What is chain-of-thought prompting?

The short answer

Chain-of-thought (CoT) prompting is a technique introduced by Google Research in 2022 that elicits multi-step reasoning from large language models by prompting them to produce intermediate reasoning steps before a final answer, instead of jumping straight to the output. On the GSM8K math benchmark, CoT prompting raised PaLM 540B's accuracy from 17.9% to 56.9% — a result so large it triggered the entire reasoning-model research direction that produced OpenAI o1 and DeepSeek-R1.

The longer answer

Chain-of-thought prompting was formalized by Jason Wei, Xuezhi Wang, Dale Schuurmans, Maarten Bosma, Brian Ichter, Fei Xia, Ed Chi, Quoc Le, and Denny Zhou of Google Research in the paper Chain-of-Thought Prompting Elicits Reasoning in Large Language Models (arXiv:2201.11903), first posted January 28, 2022 and presented at NeurIPS 2022. The technique is structurally simple: in a few-shot prompt, each exemplar is rewritten so that the answer is preceded by a natural-language explanation of how the answer was derived. The model, conditioned on these traces, generates its own trace before its own answer on the test query.

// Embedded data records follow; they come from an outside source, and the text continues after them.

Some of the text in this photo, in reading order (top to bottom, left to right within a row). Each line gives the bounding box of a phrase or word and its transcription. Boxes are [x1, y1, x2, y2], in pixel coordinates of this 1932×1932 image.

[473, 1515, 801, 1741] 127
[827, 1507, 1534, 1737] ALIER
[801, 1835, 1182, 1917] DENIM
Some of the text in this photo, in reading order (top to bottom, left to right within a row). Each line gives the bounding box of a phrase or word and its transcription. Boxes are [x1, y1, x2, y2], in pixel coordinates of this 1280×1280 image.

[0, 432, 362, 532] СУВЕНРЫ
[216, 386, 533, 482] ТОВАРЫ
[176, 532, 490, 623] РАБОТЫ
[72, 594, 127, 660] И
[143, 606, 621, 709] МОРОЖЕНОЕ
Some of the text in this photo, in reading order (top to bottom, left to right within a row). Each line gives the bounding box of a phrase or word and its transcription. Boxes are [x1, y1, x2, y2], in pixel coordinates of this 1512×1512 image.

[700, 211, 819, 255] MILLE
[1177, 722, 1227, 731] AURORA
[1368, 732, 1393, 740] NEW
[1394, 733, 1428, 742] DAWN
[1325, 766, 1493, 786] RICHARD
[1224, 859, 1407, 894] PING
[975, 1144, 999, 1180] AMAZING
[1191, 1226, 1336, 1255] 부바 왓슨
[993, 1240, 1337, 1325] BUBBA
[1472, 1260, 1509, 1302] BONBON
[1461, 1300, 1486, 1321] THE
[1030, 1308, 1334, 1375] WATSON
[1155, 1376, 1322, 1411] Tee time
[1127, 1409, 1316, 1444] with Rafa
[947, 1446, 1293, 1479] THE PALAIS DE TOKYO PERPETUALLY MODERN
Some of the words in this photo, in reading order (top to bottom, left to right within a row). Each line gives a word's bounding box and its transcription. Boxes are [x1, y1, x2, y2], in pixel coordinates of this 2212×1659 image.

The empirical claim that made the paper canonical is a sharp emergence threshold. Below roughly 100 billion parameters, CoT prompting was flat or harmful on arithmetic and symbolic reasoning. At 540 billion parameters (PaLM), CoT lifted GSM8K from 17.9% to 56.9% accuracy, MultiArith from 78.7% to 94.7%, and SVAMP from 69.4% to 79.0%. This was the first widely-cited evidence for "emergent abilities" — capabilities that appear discontinuously with scale (arXiv:2206.07682, Wei et al., 2022).

Three closely-related variants followed within months. Kojima et al. (arXiv:2205.11916, May 2022) showed that simply appending "Let's think step by step" to a zero-shot prompt produced large gains on GPT-3 and PaLM, eliminating the need for hand-written exemplars. This became known as zero-shot CoT. Wang et al. (arXiv:2203.11171, March 2022) introduced self-consistency, in which the model samples multiple CoT traces with non-zero temperature and the final answer is chosen by majority vote — pushing PaLM 540B GSM8K to 74.4%. Yao et al. (arXiv:2305.10601, May 2023) generalized the linear chain into Tree-of-Thoughts, which searches over branching reasoning steps and beat CoT on Game of 24 by a factor of 4.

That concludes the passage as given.